今日数字世界,口令安全比以往更重要。尽管生物特征识别、一次性口令(OTP)和其他新兴身份验证形式经常被吹捧为传统口令的替代品,但替代传统口令如今仍不过是营销炒作而已。
不过,口令不会很快退出历史舞台,并不意味着企业现在就不需要现代化其口令安全方法。
▶ 被盗凭证危机
正如微软安全团队指出的,“只需要一个被盗凭证,就能引发一场数据泄露”。再加上屡禁不止的口令重用问题,被盗口令可对企业安全造成重大而长期的影响。
事实上,弗吉尼亚理工大学的研究人员发现,口令泄露后,超过70%的用户还会在其他账户上使用该被盗口令长达一年时间;40%的用户会重用三年前就被泄的口令。
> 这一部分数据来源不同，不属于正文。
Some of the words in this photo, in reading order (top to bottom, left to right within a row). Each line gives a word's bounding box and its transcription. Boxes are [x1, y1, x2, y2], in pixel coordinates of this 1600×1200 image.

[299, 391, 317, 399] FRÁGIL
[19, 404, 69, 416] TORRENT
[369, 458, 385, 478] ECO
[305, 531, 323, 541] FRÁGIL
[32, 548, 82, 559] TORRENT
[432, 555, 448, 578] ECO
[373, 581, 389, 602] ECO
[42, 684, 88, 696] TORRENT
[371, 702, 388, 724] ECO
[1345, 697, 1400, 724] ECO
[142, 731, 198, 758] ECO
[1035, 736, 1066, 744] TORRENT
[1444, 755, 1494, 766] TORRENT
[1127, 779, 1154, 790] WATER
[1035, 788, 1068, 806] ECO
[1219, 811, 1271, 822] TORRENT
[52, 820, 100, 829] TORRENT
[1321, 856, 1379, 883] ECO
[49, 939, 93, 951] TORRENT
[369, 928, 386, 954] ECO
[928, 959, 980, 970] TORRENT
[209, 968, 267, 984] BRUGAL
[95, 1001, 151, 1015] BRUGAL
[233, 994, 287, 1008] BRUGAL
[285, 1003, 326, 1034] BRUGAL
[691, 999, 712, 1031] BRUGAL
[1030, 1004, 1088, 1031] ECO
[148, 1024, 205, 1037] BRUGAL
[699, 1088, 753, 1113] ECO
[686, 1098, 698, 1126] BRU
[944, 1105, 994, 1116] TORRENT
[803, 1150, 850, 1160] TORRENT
虽然被盗凭证问题对大多数IT主管而言不是什么新鲜事,但他们可能会很惊讶地发现:自己解决该问题的诸多尝试常常会造成更多安全漏洞。
此类反而会削弱口令安全的传统方法很多,举例如下:
- 强制口令复杂性
- 定期重置口令
- 限制口令长度与字符使用
- 要求特殊字符
▶ 现代口令安全方法
考虑到与这些传统方法相关联的漏洞,美国国家标准与技术研究院(NIST)修订了其口令安全建议,鼓励用户采用更现代的口令安全最佳实践。NIST更新其口令安全建议的根源在于其认识到,如果用户被迫创建符合复杂性要求的口令,或者被迫定期重置口令,人为因素往往会导致出现安全漏洞。
例如,如果要求口令中包含特殊字符和数字,用户可能会选择“P@ssword1”这种最基本的形式,这种凭证明显十分常见,很容易被黑客利用。可能对口令安全造成负面影响的另一种传统方法,是禁止在口令中使用空格符或各种特殊字符的策略。毕竟,如果想让用户创建容易记忆的独特强口令,又何必对其形态强加诸多限制呢?
此外,NIST如今还建议取消定期口令重置,并建议公司仅在有证据表明口令被泄的情况下才要求更改口令。
▶ 凭证筛选解决方案的作用
那么,公司如何监测口令被盗迹象?可以采用NIST的另一项建议:企业对照包含常用被盗凭证的黑名单持续筛选口令。
可能听起来够简单,但当今严峻的威胁形势下,选择合适的被盗凭证筛选解决方案可谓十分重要。
▶ 动态解决方案必不可少
网上有很多静态黑名单可用,有些公司甚至编制了自己的静态黑名单。但如今这种随时都有数据泄露事件发生的情况下,新鲜被盗凭证不断涌向暗网,可供黑客持续用于发起攻击。现有黑名单或仅每年定期更新的黑名单是应付不了这种高风险环境的。
Enzoic的动态解决方案对照包含数十亿被盗口令的专有数据库筛选凭证。数据库中的被盗口令要么出自数据泄露事件,要么来自破解字典。由于该数据库每天自动更新多次,在自身口令安全是否紧跟最新数据泄露情报方面,公司可以放心,无需投入额外的IT工作。
现代口令安全方法的重要组成部分还包括在口令创建时筛选凭证,以及在创建后持续监测其完整性。如果之前安全的口令后来被泄露,公司可以自动执行适当的操作,例如,在下次登录时强制重置口令,或者在IT展开调查前完全禁止访问。
▶ 前路漫漫
尽管NIST指南通常会为整个安全行业提供最佳实践建议,但最终还是要靠安全主管来决定什么才是最适合公司独特需求的,并相应地调整公司策略。
取决于所处行业、公司规模和其他隐私,或许某些建议并不适合你的公司。
但是,每天接二连三的网络攻击没有减弱的迹象,而且常因口令漏洞造成,我们很难想象会有哪个公司不会从凭证筛选提供的额外安全层中获益。